Listing di Agustus 2021, Bukalapak Diperkirakan Akan Masuk 20 Emiten Teratas di BEI
Tangkapan layar YouTube, Komisaris BEI Pandu Patria Sjahrir/Iconomics
Perusahaan teknologi diperkirakan akan mendominasi likuiditas tinggi atau saham LQ45 apabila listing di Bursa Efek Indonesia (BEI). Hebatnya lagi perusahaan teknologi tidak membutuhkan waktu hingga puluhan tahun untuk mencapai posisi itu.
“Bukalapak yang akan listing pada Agustus nanti akan mencetak sejarah karena nilai emisinya terbesar di BEI. Dan hanya butuh waktu 10 tahun, diperkirakan akan masuk ranking 20 dan masuk saham LQ45,” kata Komisaris BEI Pandu Patria Sjahrir dalam Investor Daily Summit 2021 bertajuk Menanti IPO Perusahaan Big Tech, Kamis (15/7).
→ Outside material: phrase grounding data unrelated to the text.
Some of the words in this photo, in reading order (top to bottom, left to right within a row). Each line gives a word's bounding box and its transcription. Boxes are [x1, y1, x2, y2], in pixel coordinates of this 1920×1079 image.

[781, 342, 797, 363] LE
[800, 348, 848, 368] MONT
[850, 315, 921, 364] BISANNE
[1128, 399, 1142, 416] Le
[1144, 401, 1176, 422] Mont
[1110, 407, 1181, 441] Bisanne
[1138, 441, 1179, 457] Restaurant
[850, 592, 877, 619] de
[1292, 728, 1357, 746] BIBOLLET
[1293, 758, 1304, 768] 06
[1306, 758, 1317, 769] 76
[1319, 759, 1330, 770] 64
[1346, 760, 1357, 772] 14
Pandu mengatakan, Bukalapak sebagai e-commerce perusahaan teknologi memang menarik untuk dikaji dibandingkan dengan emites yang sudah puluhan tahun eksis di Indonesia. Sebagai calon emiten, Bukalapak telah memiliki mitra usaha mikro, kecil dan menengah (UMKM) sekitar 6,9 juta sejak 2018.
Dari sisi pertumbuhan mitra, angka tersebut, kata Pandu, tumbuh sekitar 1.200%. Dibanding dengan perusahaan-perusahaan lainnya, perusahaan teknologi seperti Bukalapak mampu menjadi startup unicorn dengan valuasi aset lebih dari US$ 1 miliar hanya dalam waktu 10 tahun.
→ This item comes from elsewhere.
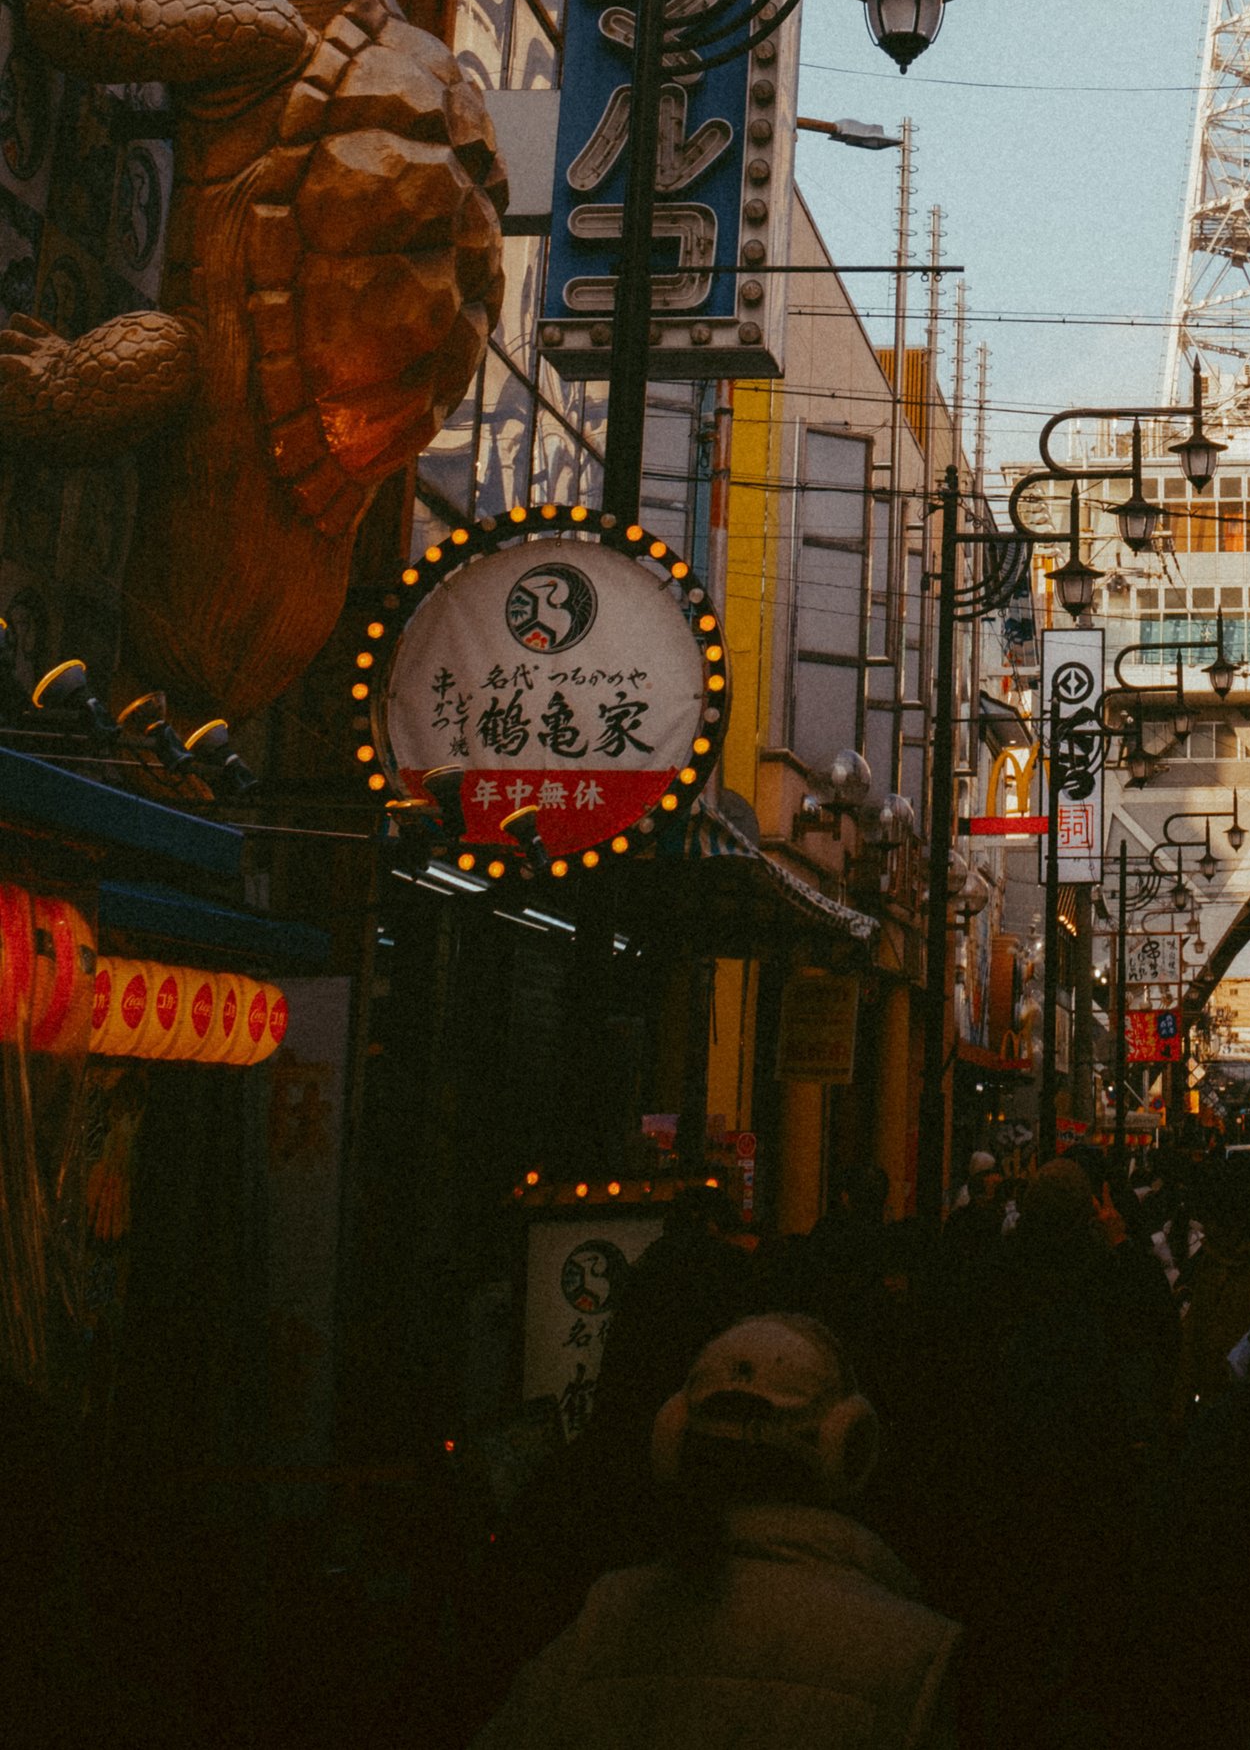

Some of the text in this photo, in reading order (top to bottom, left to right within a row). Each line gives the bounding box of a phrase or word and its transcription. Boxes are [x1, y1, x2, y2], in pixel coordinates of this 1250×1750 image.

“Mereka sedang melakukan valuasi di Rp 77 triliun hingga Rp 87 triliun dengan ekspektasi fund rise di angka Rp 21 triliun. Ini yang menarik dari perusahaan teknologi karena sangat cepat mengubah ekosistem yang ada,” kata Pandu.
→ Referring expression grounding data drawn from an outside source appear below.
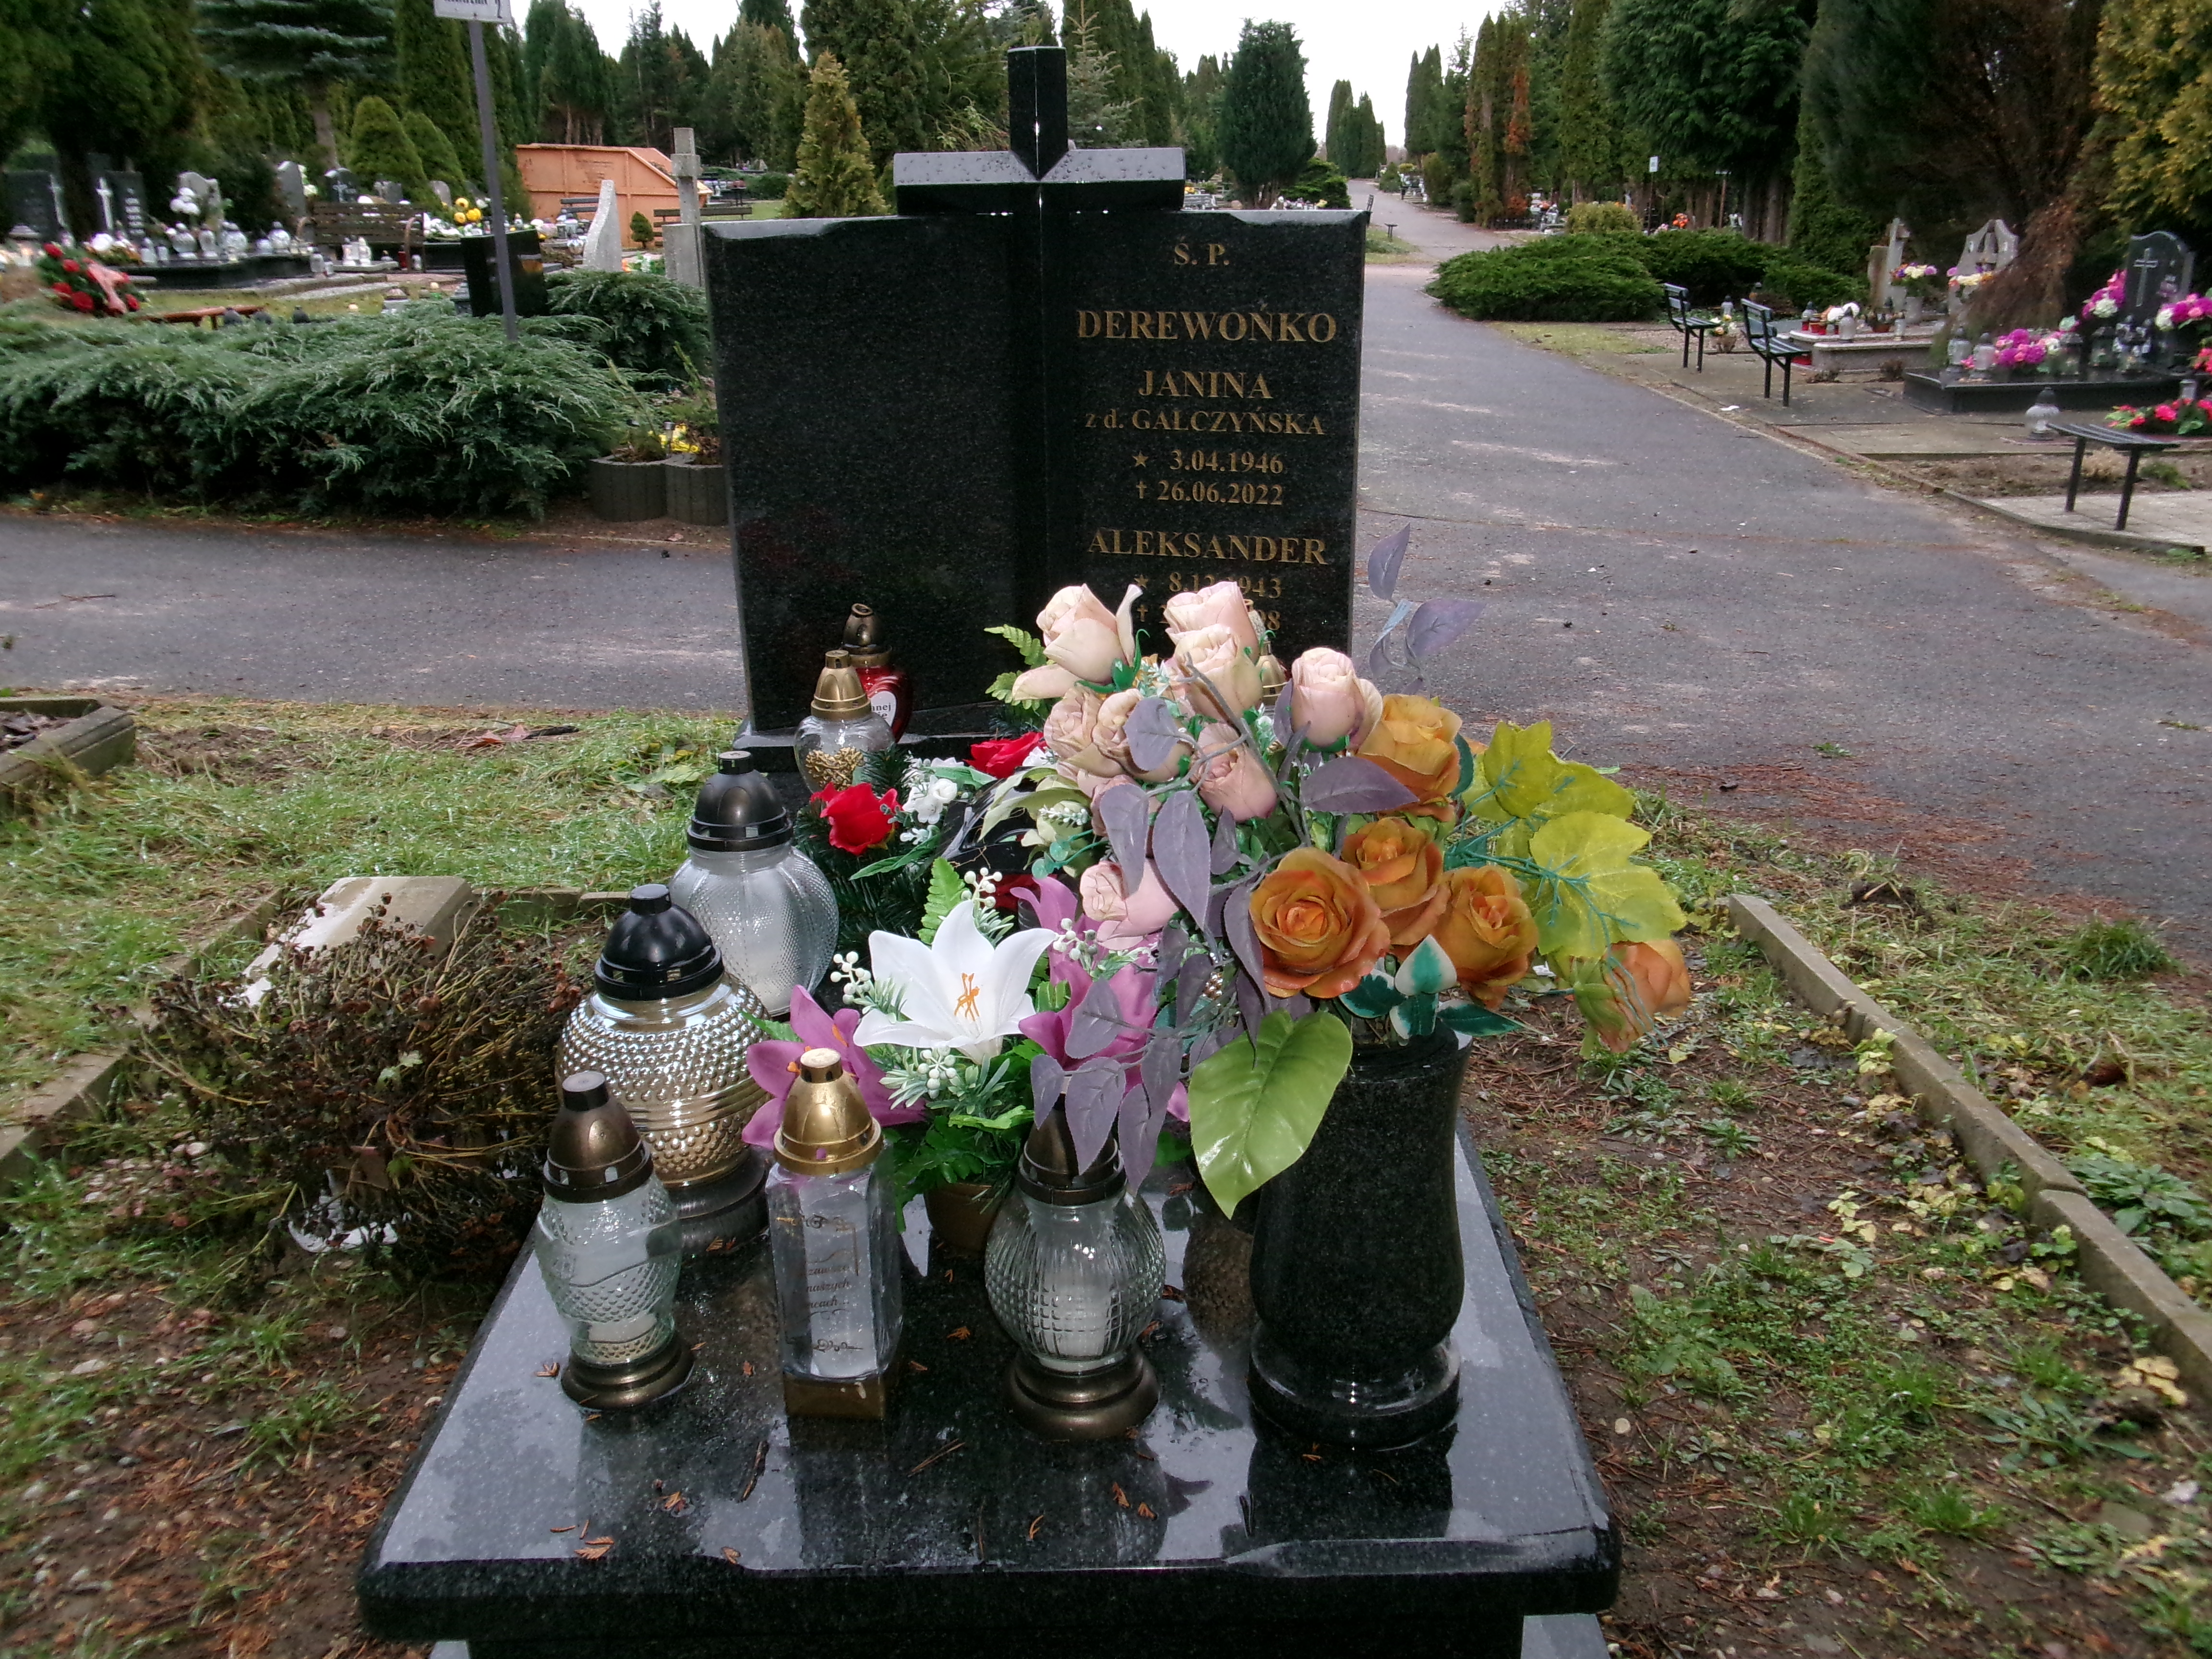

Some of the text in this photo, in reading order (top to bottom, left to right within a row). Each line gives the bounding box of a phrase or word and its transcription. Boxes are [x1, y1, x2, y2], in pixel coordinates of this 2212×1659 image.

[1208, 243, 1230, 265] P.
[1077, 303, 1337, 342] DEREWOŃKO
[1138, 370, 1274, 399] JANINA
[1104, 409, 1124, 428] d.
[1169, 449, 1283, 473] 3.04.1946
[1157, 480, 1283, 505] 26.06.2022
[1088, 527, 1328, 565] ALEKSANDER
[1169, 572, 1282, 598] 8.12943
Soal fenomena tersebut, menurut Pandu, tidak hanya terjadi di Indonesia. Di Amerika Serikat (AS), misalnya, sejak 2010 hingga 2010, pasar teratasnya didomininasi oleh perusahaan teknologi. Perkembangan pasar teknologi itu memang menjadi game changer dan menguasai perekonomian dunia.
“Di Asia Tenggara, sebagian besar startup unicorn-unicorn itu ada di Indonesia, bahkan calon unicorn pun berasal dari sini. Jadi, Indonesia di Asia Tenggara adalah negara terbaik untuk mencari unicorn baru dengan valuasi US$ 1 miliar ke atas,” kata Pandu.